You assume correctly! Though that's more because I'm a firm believer that people should do things for themselves. I'm actually against the self-cancelling indicator because it makes people lazy, meaning when it doesn't work, people spend minutes or even hours driving with their indicator going because they've learned to rely too heavily on it turning off for them.

Intelligence is one thing, but intelligence divorced from empathy breeds psychopathy. Perhaps AI would be better directed into first teaching computers to feel, and then to think. That is, after all, how life started on the planet! Senses came first, and then the intelligence.

It's also worth considering that if the Terraforming AI were implemented, would people be happy to trust it to tick along for hundreds of years unsupervised? Chances are the end result wouldn't be exactly what people had in mind...

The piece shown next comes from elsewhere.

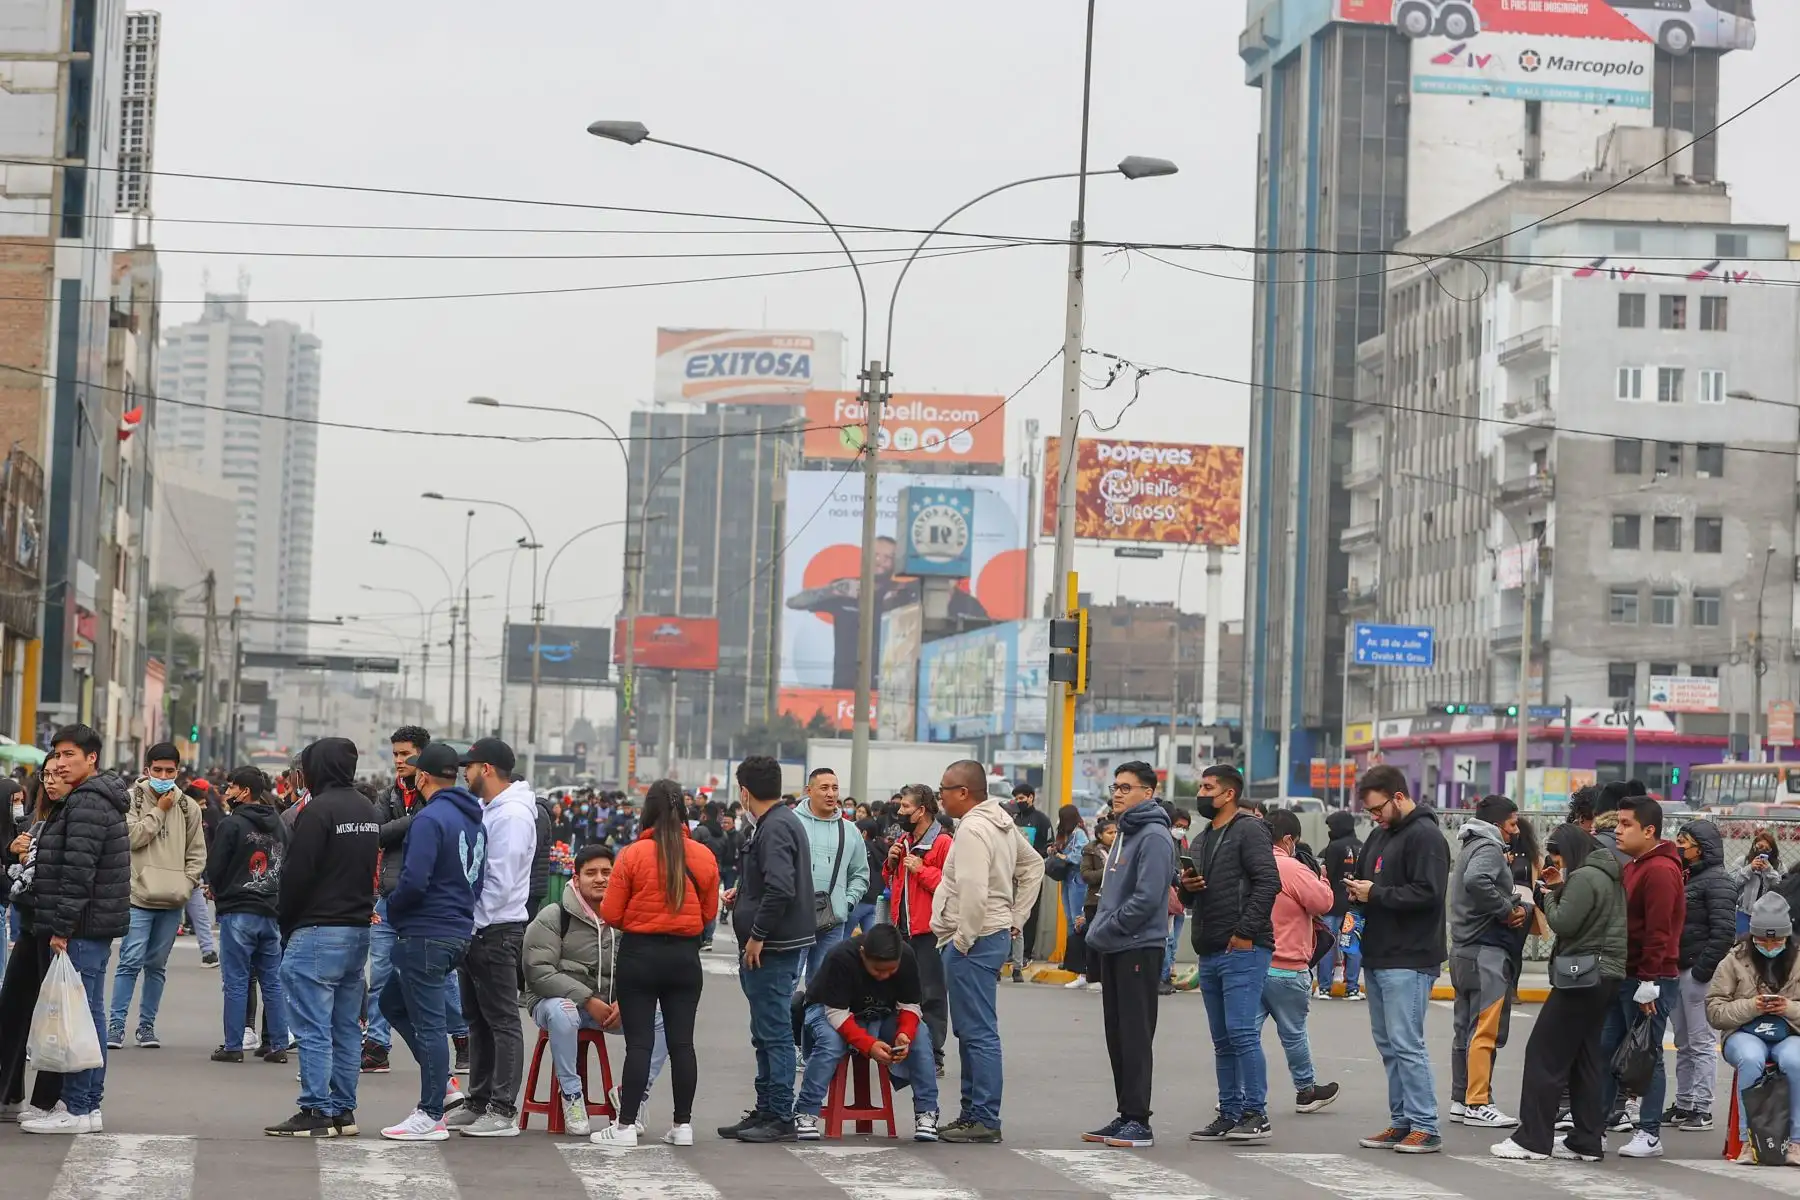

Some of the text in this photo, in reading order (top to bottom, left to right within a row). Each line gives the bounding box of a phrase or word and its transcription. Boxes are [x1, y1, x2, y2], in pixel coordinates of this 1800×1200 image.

[1547, 56, 1645, 76] Marcopolo
[685, 351, 811, 379] EXITOSA
[834, 398, 980, 423] falbella.com
[336, 823, 355, 834] MUSIC

Either way, for the purposes of my story, I might have AI having been outlawed for any number of reasons. Or scrapped as requiring too much upkeep to stop it from planting exclusively brussell sprouts because someone on the internet said "you can never have too many sprouts". Depends on how silly a direction I take this in... XD
 

1. What is orbiting and how does it work?

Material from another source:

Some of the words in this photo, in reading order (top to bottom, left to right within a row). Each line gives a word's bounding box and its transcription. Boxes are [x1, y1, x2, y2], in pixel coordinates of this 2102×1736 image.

Orbiting is the motion of an object around a larger object due to the force of gravity. In space, objects with mass create a gravitational pull that causes other objects to orbit around them. This is why planets orbit around the sun and moons orbit around planets.

2. How does relativity play a role in orbiting?

Relativity is the concept that time and space are relative and can be affected by the presence of massive objects. In the context of orbiting, relativity explains the bending of space and time around massive objects like planets and stars. This bending of space and time affects the trajectory of objects in orbit, making them follow a curved path instead of a straight line.

3. Can orbiting have any mind-effects?

No, orbiting itself does not have any mind-effects. However, the study of orbiting and relativity has led to a better understanding of the universe and our place in it, which can have a profound impact on our perspective and mindset.

4. How does the speed of orbiting affect relativity?

According to Einstein's theory of relativity, the faster an object moves, the slower time passes for that object. This means that the speed of orbiting can affect the perception of time for objects in orbit. For example, astronauts on the International Space Station experience time slightly slower than people on Earth due to their high orbital speed.

5. Can orbiting be used for time travel?

No, orbiting cannot be used for time travel. While the speed and curvature of orbiting can affect the perception of time, it is not possible to travel back or forward in time by orbiting around a massive object. The concept of time travel remains purely theoretical and has not been proven possible by any scientific means.